09 Nov, 23

Musk: A chip for the visually impaired will be launched in a few years

bernieBlog

In recent days, Musk, the world’s richest man who has built quite a lot in the fields of AI large models and satellite Internet, has drawn a “pie” for netizens and the capital market that does not know when to land: vision chips.

Well, on Tuesday, Marcus House, a well-known Australian tech journalist, posted on social media that his 14-year-old son Alex has CRB1 retinal dystrophy, a rare eye disease.

Alex is now almost completely blind in one eye and legally blind in the other. House said that because the condition is so rare, it is difficult for him to find other parents in similar situations, so he hopes to find families in the same situation online, or professionals in the field.

Musk, who spends his days surfing the Web intensely, then replied to the post. The world’s richest man said: “While it may not be much comfort to you, Neuralink is working on a vision chip that is expected to be ready in a few years. After helping people who have lost their body-brain connection achieve phone/computer telepathy, this is our next area of research. We are waiting for regulatory approval for our first human subject.”

Brain-computer interfaces have just entered clinical trials

Musk was referring to Neuralink, a brain science company he founded with a group of scientists in 2016. As the name suggests, the company’s main research direction is brain-computer interface – by developing a device that can be implanted in the brain to enable “brain-machine interaction.”

The company has already unveiled the N1 Implant, a fully implantable wireless brain-computer interface device that contains a chip, a battery, and 1,024 electrodes spread across 64 fillets “thinner than a human hair” to record neural activity.

After years of animal testing, the FDA finally approved Neuralink’s implantable device for human clinical trials in May.

For this stage of the goal, Musk said many years ago: our first pursuit is a wireless implantable chip that will enable paralyzed patients (whether they are quadriplegics or high paraplegics) to control a computer, mouse, mobile phone or any device just by thinking… This will obviously be a huge boost and greatly simplify their lives. Musk calls it a Fitbit buried in a skull.

After months of preparation, Neuralink announced on September 19 that it was enrolling patients in its first clinical trial. The company announced that it wanted to recruit patients with limited limb function due to spinal cord injury or amyotrophic lateral sclerosis (ALS) who have not shown improvement for at least one year after the injury, who are at least 22 years old and have a stable and reliable guardian, who have no history of active implants or seizures, and who have no medical conditions requiring magnetic resonance imaging (MRI).

Neuralink revealed that the primary trial will run for 18 months, and with follow-up, the total trial period will be closer to six years.

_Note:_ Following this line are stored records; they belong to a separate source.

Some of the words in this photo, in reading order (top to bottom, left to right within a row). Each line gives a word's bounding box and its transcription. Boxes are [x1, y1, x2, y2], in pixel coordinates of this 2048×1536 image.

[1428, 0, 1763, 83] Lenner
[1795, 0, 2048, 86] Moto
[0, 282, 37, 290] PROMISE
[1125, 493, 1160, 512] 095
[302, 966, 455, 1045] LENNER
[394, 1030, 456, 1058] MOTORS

If the trial is successful, it could help boost industry and regulatory confidence and put BCI related use cases on the fast track.

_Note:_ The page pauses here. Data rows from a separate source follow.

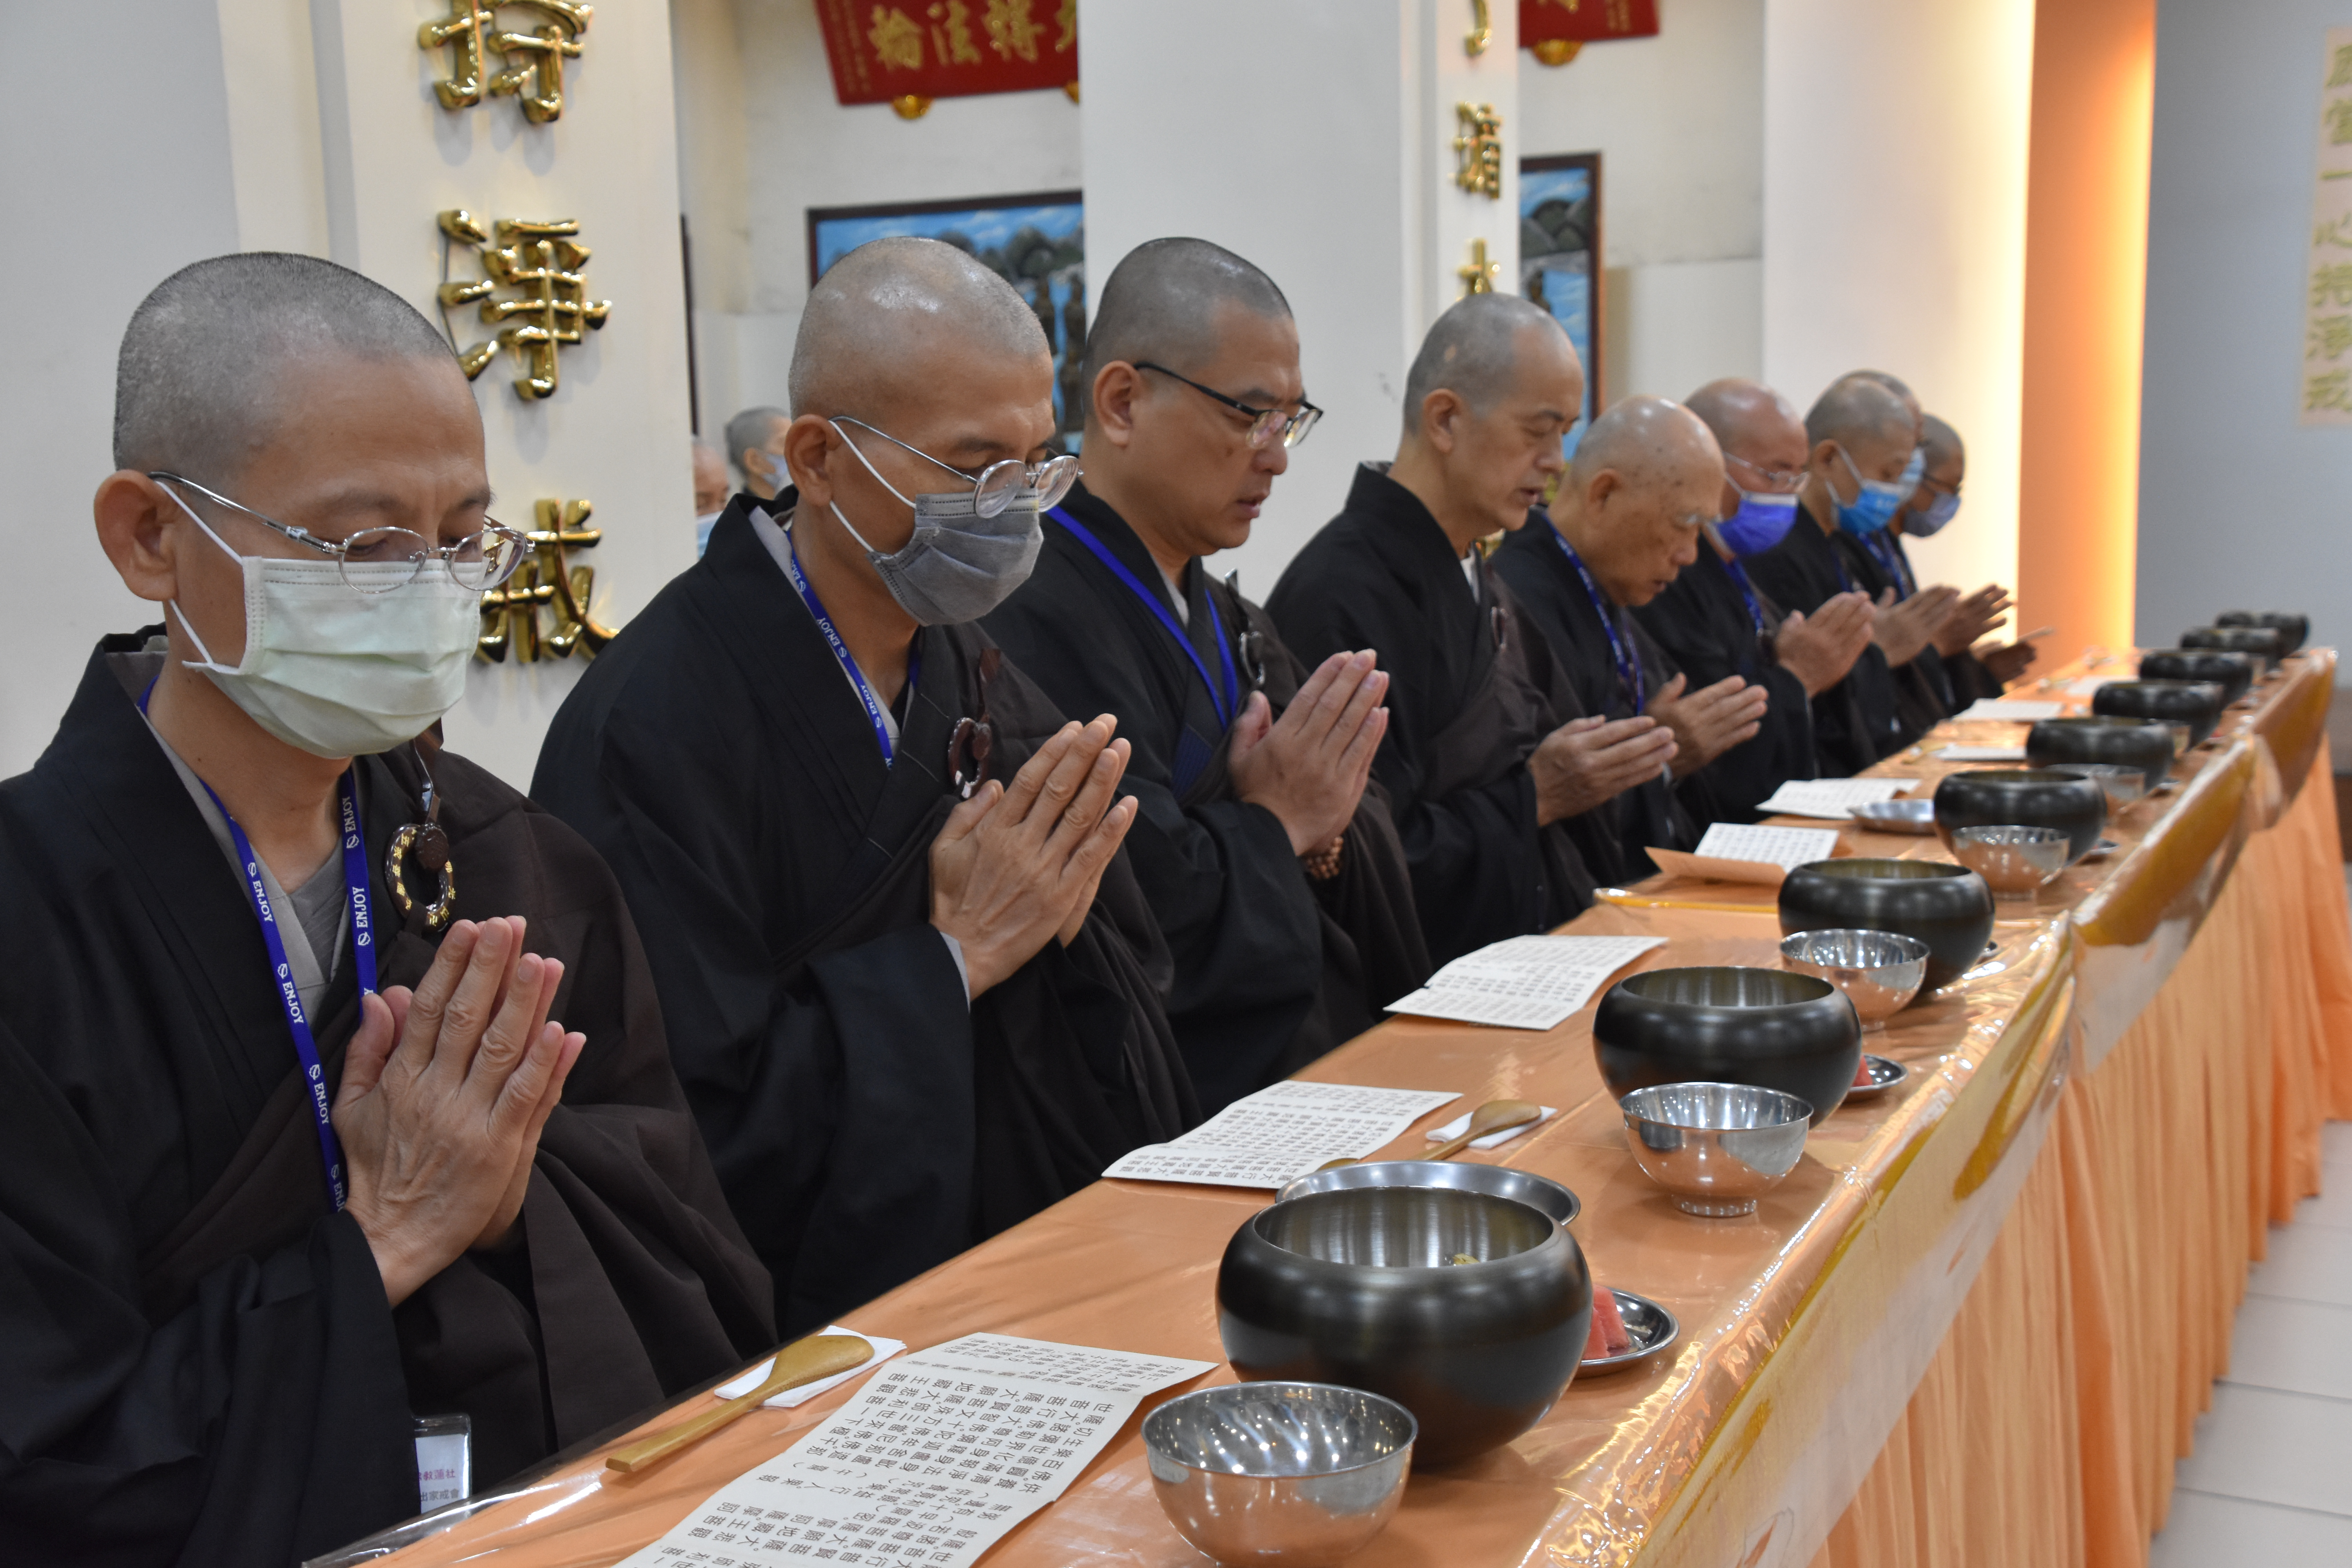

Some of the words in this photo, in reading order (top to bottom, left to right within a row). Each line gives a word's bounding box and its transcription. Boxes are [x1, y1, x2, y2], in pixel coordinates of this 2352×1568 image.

[817, 618, 840, 647] ENJOY
[860, 685, 877, 715] ENJOY
[342, 796, 356, 832] ENJOY
[253, 881, 273, 923] ENJOY
[352, 887, 368, 928] ENJOY
[282, 982, 304, 1024] ENJOY
[314, 1082, 330, 1125] ENJOY
[419, 1469, 456, 1481] 教蓮社
[662, 1548, 771, 1568] 殊師利菩

Obviously, unlike the big rocket, which can “fight every failure,” the standard for conducting experiments on human brains is obviously much higher. Musk had said he wanted to start human trials in 2020, but after years of wrangling with the FDA, approval was not granted until this year. It also makes his description of a vision chip being released “years from now” seem a little distant.

According to the National Eye Institute, serious vision-related illnesses are on a long-term upward trend, with approximately 1.3 million blind and 2.9 million amblyopia patients in the United States today, and those numbers are likely to grow to 2.2 million and 5 million by 2030.